Provided data: Begin

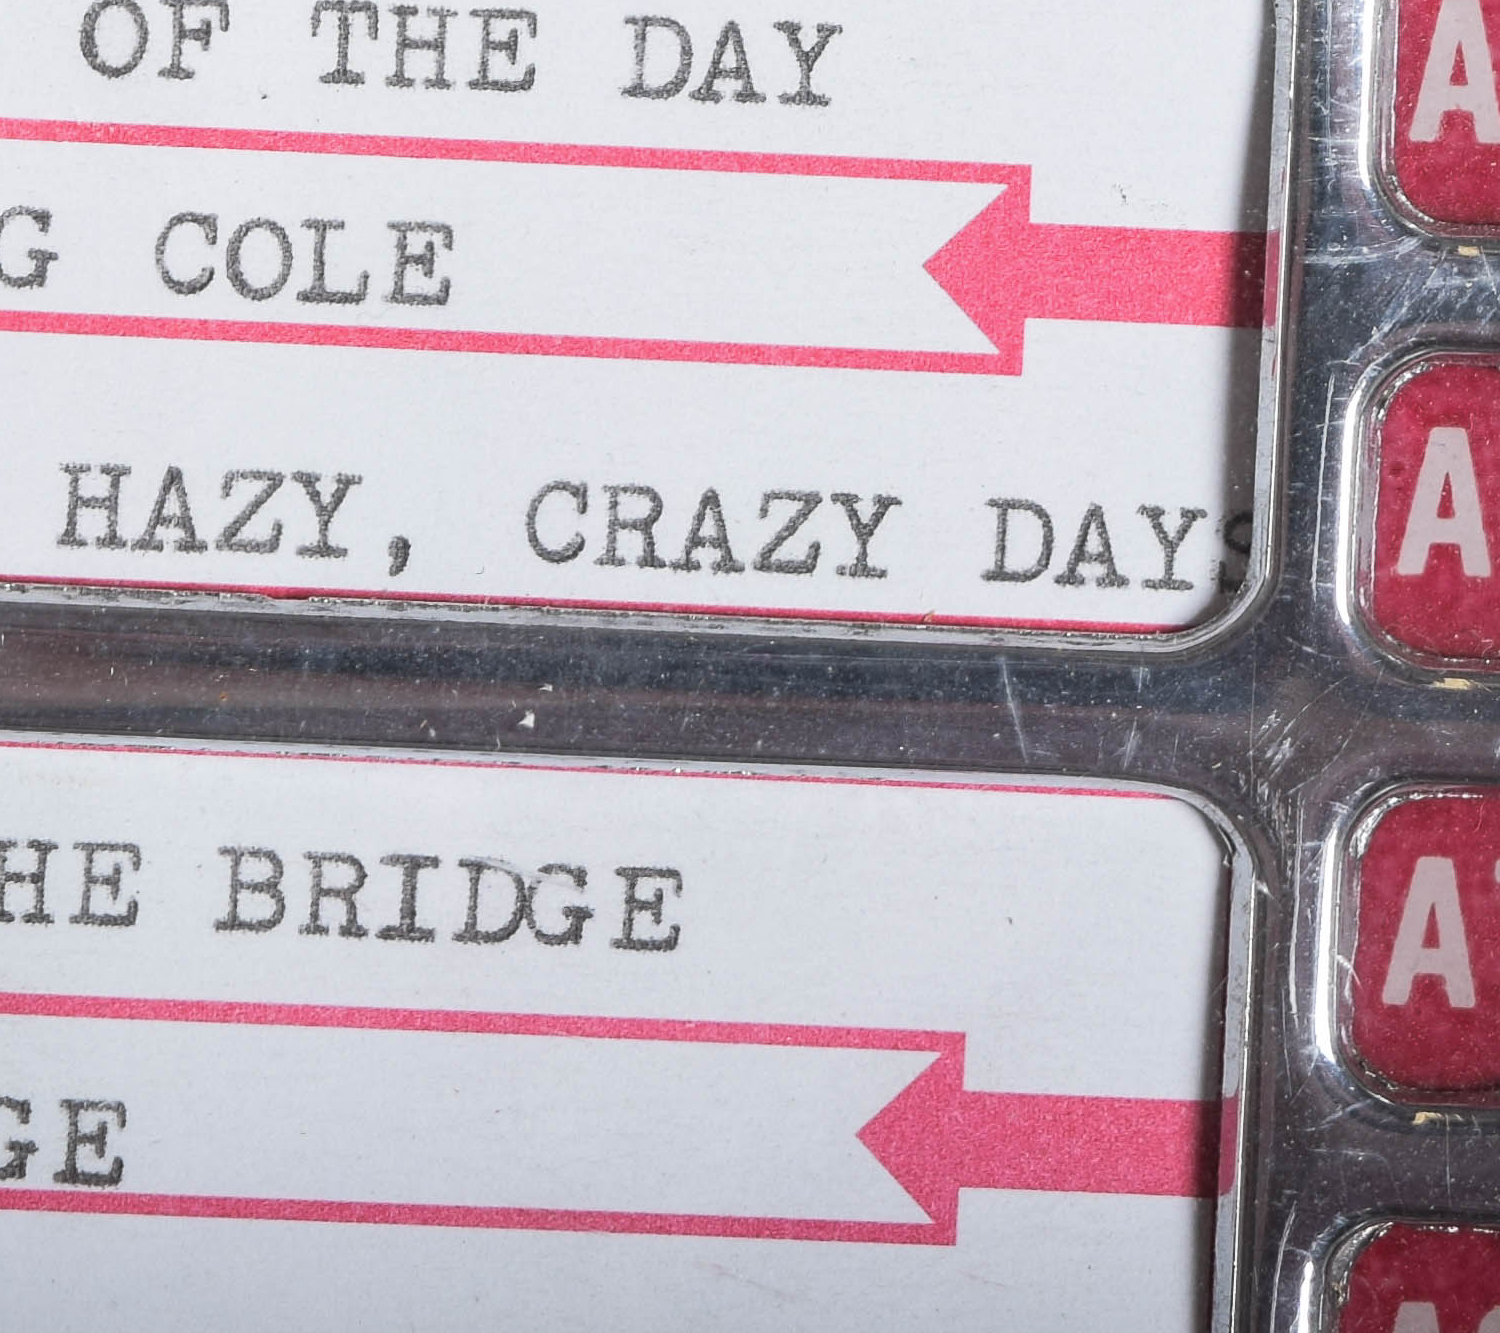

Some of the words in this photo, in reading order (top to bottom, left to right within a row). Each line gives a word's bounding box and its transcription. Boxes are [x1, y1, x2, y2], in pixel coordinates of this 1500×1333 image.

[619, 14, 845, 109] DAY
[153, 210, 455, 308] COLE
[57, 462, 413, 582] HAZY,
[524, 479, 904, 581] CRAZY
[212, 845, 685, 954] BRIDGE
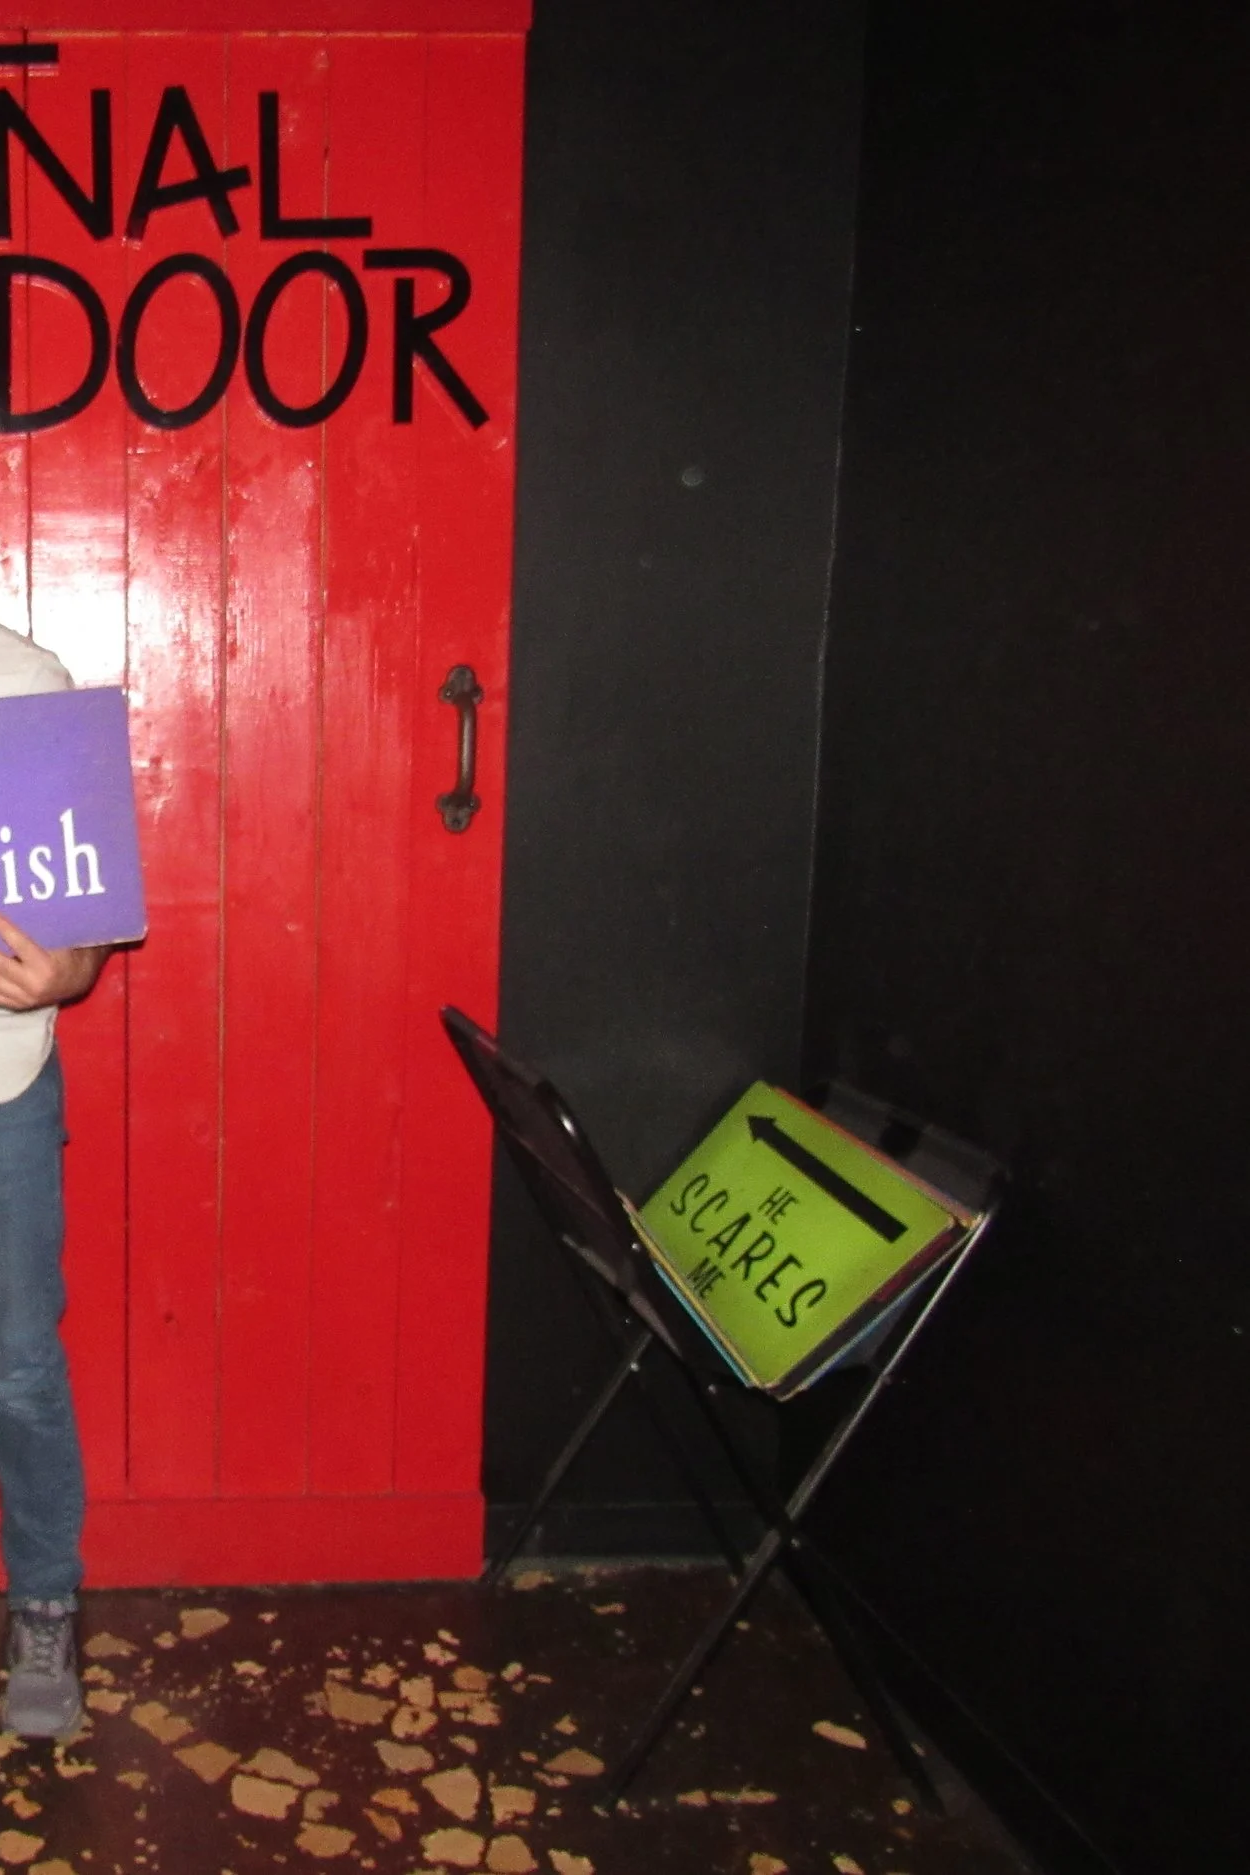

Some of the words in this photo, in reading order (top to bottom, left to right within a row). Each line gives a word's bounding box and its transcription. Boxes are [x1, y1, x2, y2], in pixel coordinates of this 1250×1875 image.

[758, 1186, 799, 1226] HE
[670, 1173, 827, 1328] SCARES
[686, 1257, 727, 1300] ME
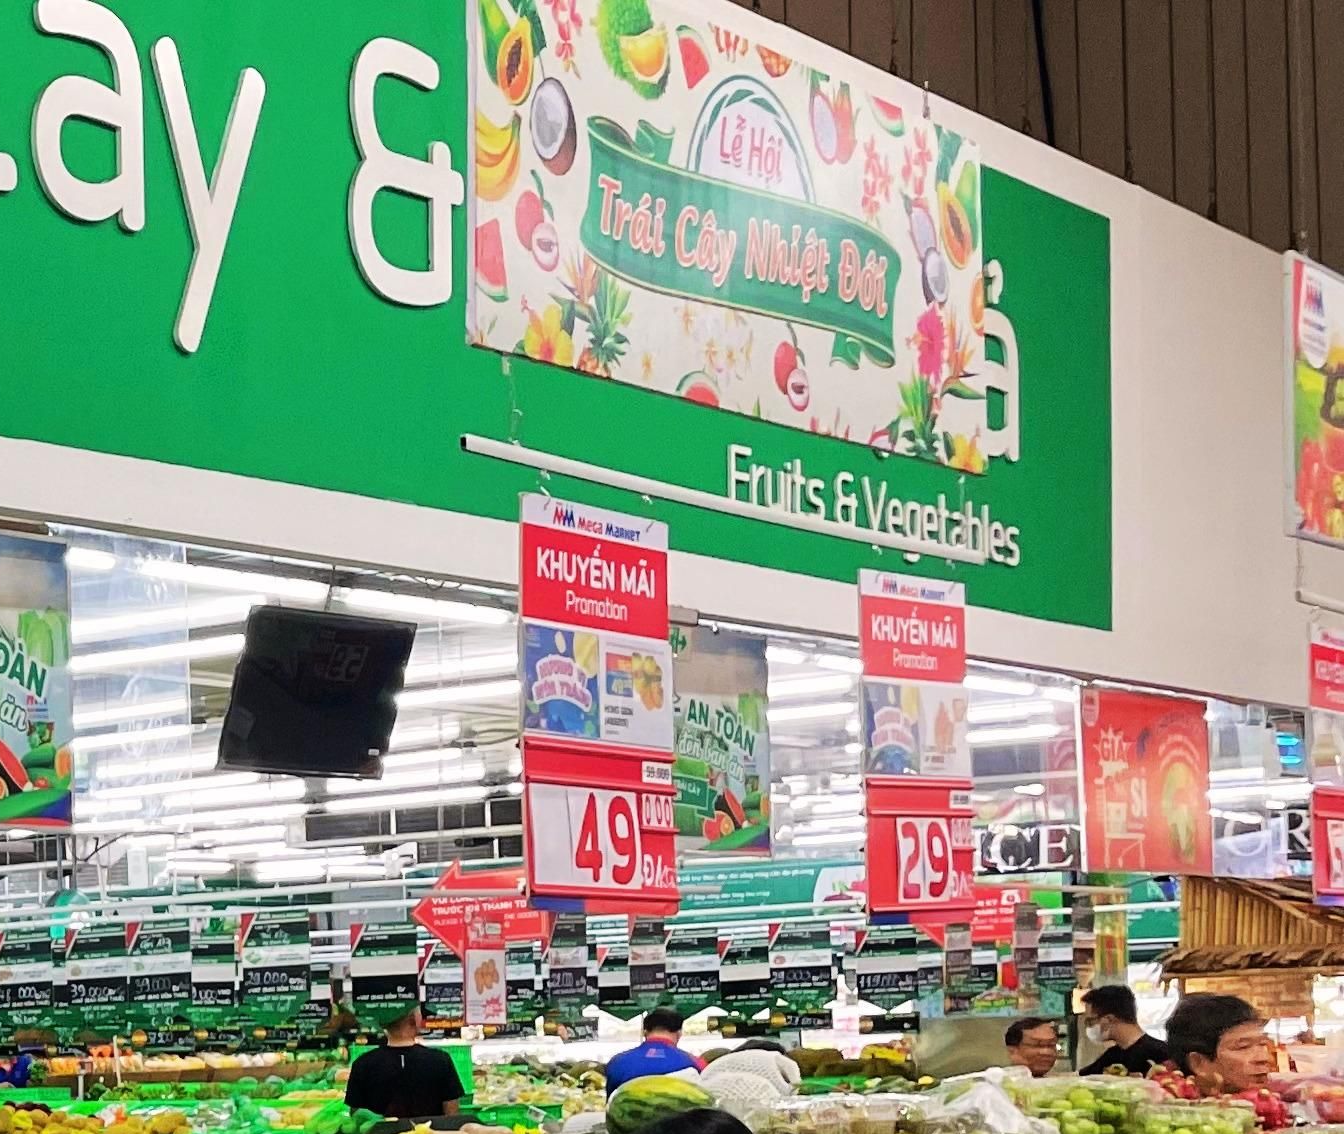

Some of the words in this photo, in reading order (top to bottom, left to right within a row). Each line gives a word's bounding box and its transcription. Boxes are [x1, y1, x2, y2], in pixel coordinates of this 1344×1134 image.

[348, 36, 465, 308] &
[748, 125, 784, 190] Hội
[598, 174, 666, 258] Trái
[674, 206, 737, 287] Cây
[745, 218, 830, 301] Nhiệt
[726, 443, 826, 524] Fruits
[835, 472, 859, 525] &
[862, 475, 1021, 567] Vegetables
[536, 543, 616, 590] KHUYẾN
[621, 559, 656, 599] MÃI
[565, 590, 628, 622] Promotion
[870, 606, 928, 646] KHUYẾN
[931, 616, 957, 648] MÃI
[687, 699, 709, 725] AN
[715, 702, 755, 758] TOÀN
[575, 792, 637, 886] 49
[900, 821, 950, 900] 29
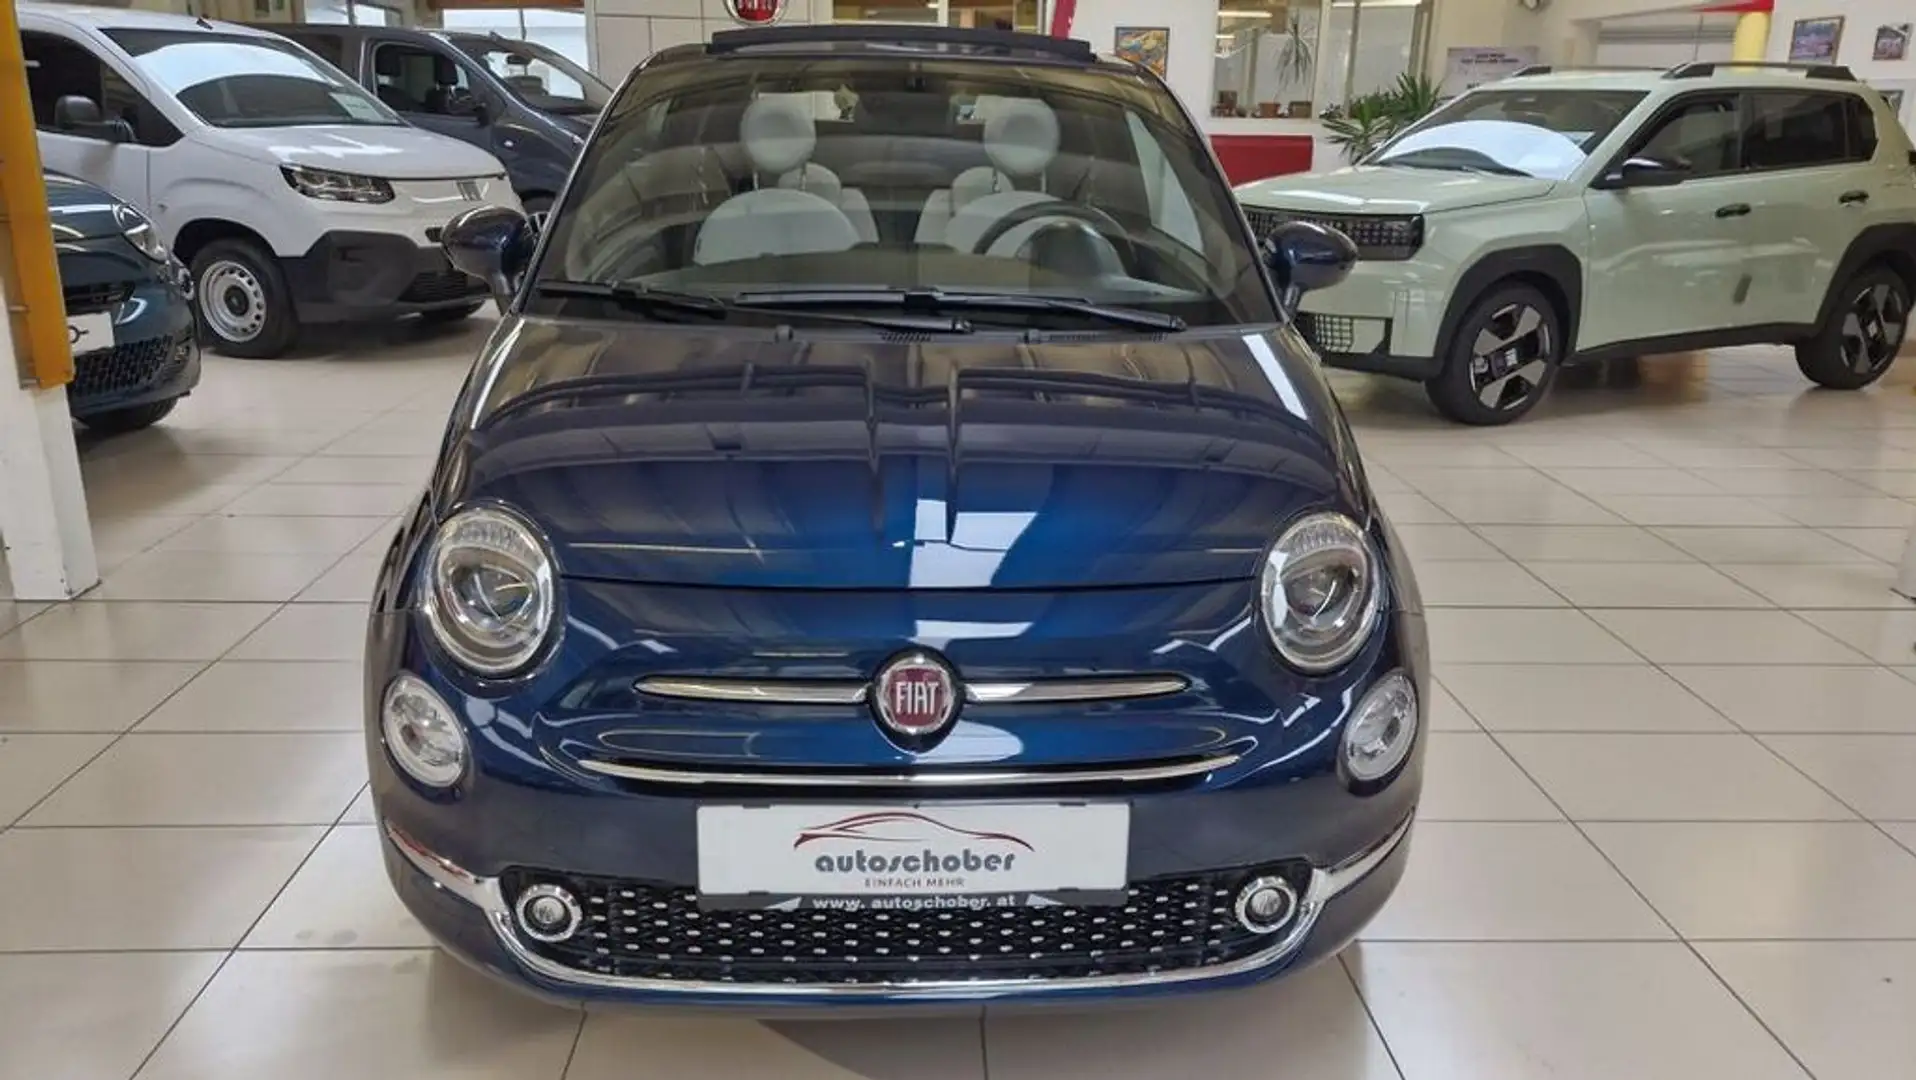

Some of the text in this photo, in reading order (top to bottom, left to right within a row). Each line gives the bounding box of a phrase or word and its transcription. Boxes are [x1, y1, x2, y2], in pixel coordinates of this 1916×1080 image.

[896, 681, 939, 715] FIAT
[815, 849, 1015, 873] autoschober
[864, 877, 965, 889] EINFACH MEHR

Provided data: End

With the pictures left out, return all the material above exactly.

Problem solution
Some of the words in this photo, in reading order (top to bottom, left to right within a row). Each line gives a word's bounding box and its transcription. Boxes are [x1, y1, x2, y2], in pixel coordinates of this 1500×1333 image.

[619, 14, 845, 109] DAY
[153, 210, 455, 308] COLE
[57, 462, 413, 582] HAZY,
[524, 479, 904, 581] CRAZY
[212, 845, 685, 954] BRIDGE

Some of the words in this photo, in reading order (top to bottom, left to right within a row). Each line gives a word's bounding box and its transcription. Boxes are [x1, y1, x2, y2], in pixel coordinates of this 1250×1875 image.

[758, 1186, 799, 1226] HE
[670, 1173, 827, 1328] SCARES
[686, 1257, 727, 1300] ME

Some of the words in this photo, in reading order (top to bottom, left to right within a row). Each line gives a word's bounding box and its transcription. Boxes are [x1, y1, x2, y2], in pixel coordinates of this 1344×1134 image.

[348, 36, 465, 308] &
[748, 125, 784, 190] Hội
[598, 174, 666, 258] Trái
[674, 206, 737, 287] Cây
[745, 218, 830, 301] Nhiệt
[726, 443, 826, 524] Fruits
[835, 472, 859, 525] &
[862, 475, 1021, 567] Vegetables
[536, 543, 616, 590] KHUYẾN
[621, 559, 656, 599] MÃI
[565, 590, 628, 622] Promotion
[870, 606, 928, 646] KHUYẾN
[931, 616, 957, 648] MÃI
[687, 699, 709, 725] AN
[715, 702, 755, 758] TOÀN
[575, 792, 637, 886] 49
[900, 821, 950, 900] 29

Some of the text in this photo, in reading order (top to bottom, left to right within a row). Each line gives the bounding box of a phrase or word and its transcription. Boxes are [x1, y1, x2, y2], in pixel coordinates of this 1916×1080 image.

[896, 681, 939, 715] FIAT
[815, 849, 1015, 873] autoschober
[864, 877, 965, 889] EINFACH MEHR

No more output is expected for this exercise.